Weber later incorporated abstraction into his representational work. In 2024, Grenning Gallery in Sag Harbor exhibited a group of his abstract and figurative paintings. Writing about the exhibition in Dan's Papers, Oliver Peterson described a process in which Weber paints an image on plastic, presses the wet image onto canvas and uses subsequent impressions to create layered compositions. Some works were repeatedly painted, sanded and repainted over a period of years.

=== Melting Pot: Friends from Afar ===

In the 2020s, Weber began developing a series of portraits of immigrants living and working on the East End. Peterson reported in 2024 that the project grew in part from Weber's experience working for a landscaping company when he was younger, where he worked alongside immigrant laborers from Mexico and Ecuador.

The project was later titled Melting Pot: Friends from Afar. According to Newsday, Weber began the focused series in 2022, after noticing that many of the people he had found compelling as portrait subjects over the years were immigrants. He described the project as a response to negative rhetoric about immigrants and as an attempt to portray people whom he knew through his life and work on the East End.

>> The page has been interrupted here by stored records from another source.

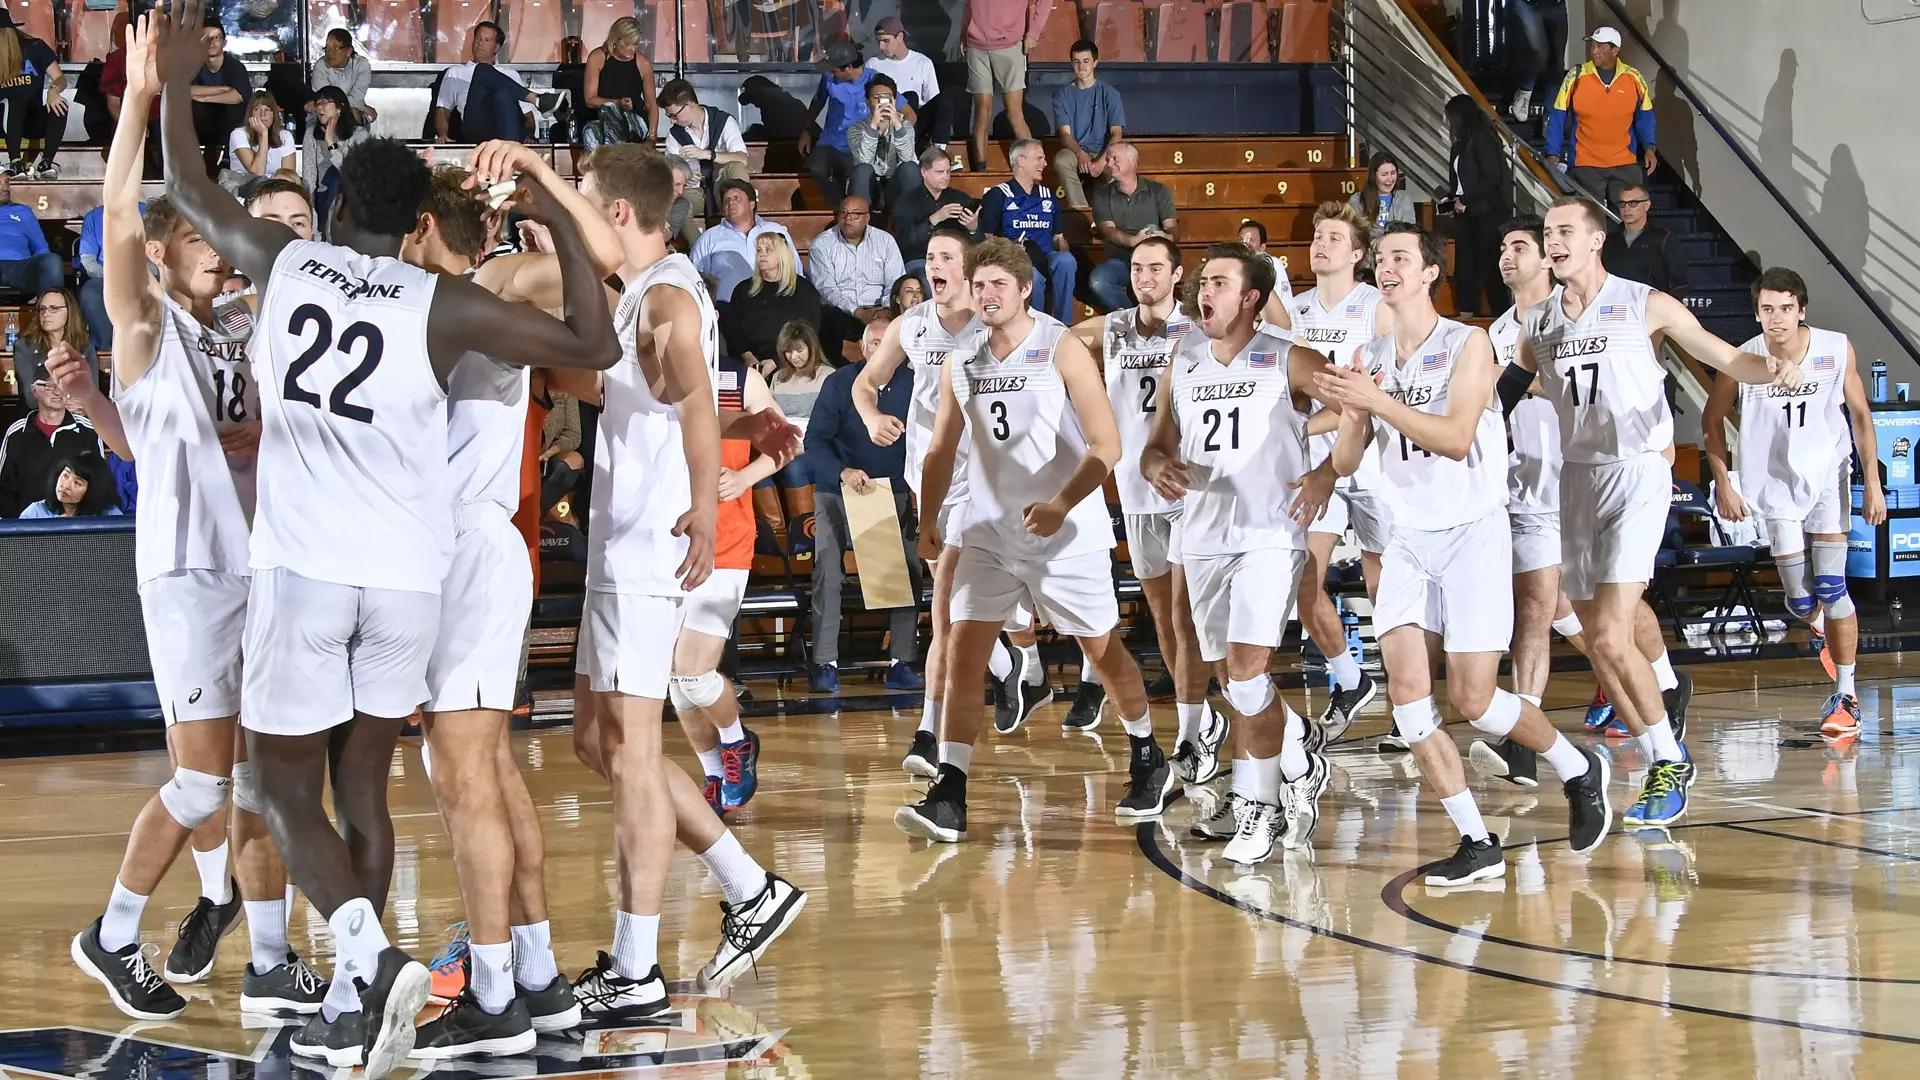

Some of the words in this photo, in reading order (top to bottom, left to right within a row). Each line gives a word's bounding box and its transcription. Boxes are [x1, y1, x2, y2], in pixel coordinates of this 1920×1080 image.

[1, 75, 32, 88] UINS
[1174, 151, 1183, 164] 8
[1245, 150, 1255, 163] 9
[1307, 149, 1322, 163] 10
[1056, 185, 1066, 198] 6
[1206, 182, 1215, 196] 8
[1278, 181, 1288, 194] 9
[1341, 181, 1355, 194] 10
[38, 195, 49, 210] 5
[1012, 219, 1050, 229] Emirates
[1026, 213, 1039, 221] Fly
[1682, 297, 1712, 308] STEP
[1084, 305, 1094, 317] 5
[1303, 328, 1347, 343] WAVES
[198, 337, 247, 362] WAVE
[1550, 336, 1608, 361] WAVES
[283, 303, 385, 425] 22
[1120, 353, 1172, 370] WAVES
[3, 369, 17, 385] 4
[1564, 362, 1599, 407] 17
[973, 376, 1027, 396] WAVES
[1192, 381, 1257, 402] WAVES
[213, 369, 247, 423] 18
[1140, 375, 1157, 413] 2
[990, 400, 1010, 441] 3
[1782, 401, 1806, 429] 11
[1203, 406, 1239, 453] 21
[1671, 493, 1693, 502] AVES
[557, 501, 570, 517] 9

The portraits are based primarily on live sittings. Newsday reported that Weber generally paints a subject for about an hour, sometimes followed by a second sitting, and may later make minor adjustments using photographs taken during the session. By June 2026, the series consisted of 21 portraits, with additional works planned.

In August 2025, Weber and the portrait series were featured in the "Art Is Life" segment of CNN's First of All with Victor Blackwell. Blackwell introduced the segment as focusing on an artist challenging conventional associations between Hamptons portraiture and wealth, and Weber discussed the origins of the project and his experiences working with immigrant landscapers on the East End.

Later that month, Vanity Fair discussed Weber and the portrait series in a report about the Hamptons' immigrant workforce and concerns surrounding immigration enforcement.

In its June 2026 profile of Weber, Newsday described Melting Pot: Friends from Afar as a series rooted in Weber's relationships with immigrants living on the East End. The article also interviewed several of Weber's subjects about their participation in the project.

== Film, music and other work ==

Weber has also worked in music and comedy. A 2013 profile in The Southampton Press described him as a professional artist and musician and as a member of the Los Angeles-based band Girl Problems. The article focused on a series of comedy webisodes written and performed by Weber and his father, Eric Weber, several of which appeared on Funny or Die.

In 2026, Weber and his father co-directed Not Dead Yet, an independent comedy written by Eric Weber. Deadline reported in March 2026 that filming had been completed and that the cast included Richard Kind, Polly Draper, Paul Raci, Tovah Feldshuh, Bill Smitrovich and Ed German.

In September 2026, The East Hampton Star reported that Not Dead Yet had been selected for the Views From Long Island program of the Hamptons International Film Festival. The newspaper identified Eric and Nick Weber as the film's directors and reported that it was one of two world premieres in that section of the festival.